Tackling GNARLy Problems: Graph Neural Algorithmic Reasoning Reimagined through Reinforcement Learning
Alex Schutz, Victor-Alexandru Darvariu, Efimia Panagiotaki, Bruno Lacerda, Nick Hawes
TL;DR
GNARL addresses the core limitations of Neural Algorithmic Reasoning by reframing algorithm execution as a Markov Decision Process and leveraging reinforcement learning. It introduces an encode-process-act architecture with a proto-action strategy and action masking to produce valid, potentially multiple solutions without post-processing. The framework is evaluated across CLRS-30 problems (polynomial) and NP-hard tasks like MVC, TSP, and RGC, achieving high graph accuracy and competitive performance without relying on expert algorithms in some settings.
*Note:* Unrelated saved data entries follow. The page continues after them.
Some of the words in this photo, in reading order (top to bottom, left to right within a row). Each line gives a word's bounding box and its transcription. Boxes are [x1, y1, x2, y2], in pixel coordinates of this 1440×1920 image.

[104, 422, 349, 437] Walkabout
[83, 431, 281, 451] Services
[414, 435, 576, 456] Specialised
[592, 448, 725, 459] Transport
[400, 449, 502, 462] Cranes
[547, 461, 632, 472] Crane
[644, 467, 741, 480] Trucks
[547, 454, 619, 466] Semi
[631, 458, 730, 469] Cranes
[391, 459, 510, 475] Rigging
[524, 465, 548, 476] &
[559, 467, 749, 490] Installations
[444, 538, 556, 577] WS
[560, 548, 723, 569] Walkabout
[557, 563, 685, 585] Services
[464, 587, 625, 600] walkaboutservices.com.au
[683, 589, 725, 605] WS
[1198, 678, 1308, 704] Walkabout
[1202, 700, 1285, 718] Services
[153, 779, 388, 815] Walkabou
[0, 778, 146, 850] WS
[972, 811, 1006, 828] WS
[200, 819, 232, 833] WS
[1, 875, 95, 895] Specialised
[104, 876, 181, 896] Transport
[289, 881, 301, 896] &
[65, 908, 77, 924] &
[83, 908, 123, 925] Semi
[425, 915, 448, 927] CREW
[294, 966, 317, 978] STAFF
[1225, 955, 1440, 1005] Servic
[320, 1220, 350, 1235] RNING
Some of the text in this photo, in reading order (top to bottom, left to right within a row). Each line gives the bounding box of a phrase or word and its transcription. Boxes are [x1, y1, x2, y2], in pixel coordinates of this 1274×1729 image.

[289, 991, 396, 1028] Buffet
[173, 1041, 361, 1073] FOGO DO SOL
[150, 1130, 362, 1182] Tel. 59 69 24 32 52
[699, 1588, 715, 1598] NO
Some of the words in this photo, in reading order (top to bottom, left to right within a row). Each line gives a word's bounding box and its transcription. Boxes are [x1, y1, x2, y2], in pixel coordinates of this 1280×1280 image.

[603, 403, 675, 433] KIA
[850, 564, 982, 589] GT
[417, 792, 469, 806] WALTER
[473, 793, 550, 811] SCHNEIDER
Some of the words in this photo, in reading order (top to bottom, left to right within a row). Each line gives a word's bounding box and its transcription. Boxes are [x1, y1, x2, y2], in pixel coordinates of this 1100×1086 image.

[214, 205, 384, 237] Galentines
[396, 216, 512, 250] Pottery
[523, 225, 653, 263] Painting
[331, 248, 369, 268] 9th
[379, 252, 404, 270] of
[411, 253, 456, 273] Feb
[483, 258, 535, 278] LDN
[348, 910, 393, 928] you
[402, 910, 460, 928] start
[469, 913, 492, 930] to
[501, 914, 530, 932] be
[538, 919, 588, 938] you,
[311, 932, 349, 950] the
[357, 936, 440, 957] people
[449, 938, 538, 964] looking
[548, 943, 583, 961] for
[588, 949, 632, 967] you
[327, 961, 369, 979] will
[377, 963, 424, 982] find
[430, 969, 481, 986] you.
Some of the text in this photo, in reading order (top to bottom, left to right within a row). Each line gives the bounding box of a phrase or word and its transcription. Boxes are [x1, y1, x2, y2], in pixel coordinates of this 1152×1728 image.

This work demonstrates a general, graph-based approach to learning algorithms that can operate even when expert algorithms are unavailable, marking progress toward a unified combinatorial optimization framework.
Abstract
Neural Algorithmic Reasoning (NAR) is a paradigm that trains neural networks to execute classic algorithms by supervised learning. Despite its successes, important limitations remain: inability to construct valid solutions without post-processing and to reason about multiple correct ones, poor performance on combinatorial NP-hard problems, and inapplicability to problems for which strong algorithms are not yet known. To address these limitations, we reframe the problem of learning algorithm trajectories as a Markov Decision Process, which imposes structure on the solution construction procedure and unlocks the powerful tools of imitation and reinforcement learning (RL). We propose the GNARL framework, encompassing the methodology to translate problem formulations from NAR to RL and a learning architecture suitable for a wide range of graph-based problems. We achieve very high graph accuracy results on several CLRS-30 problems, performance matching or exceeding much narrower NAR approaches for NP-hard problems and, remarkably, applicability even when lacking an expert algorithm.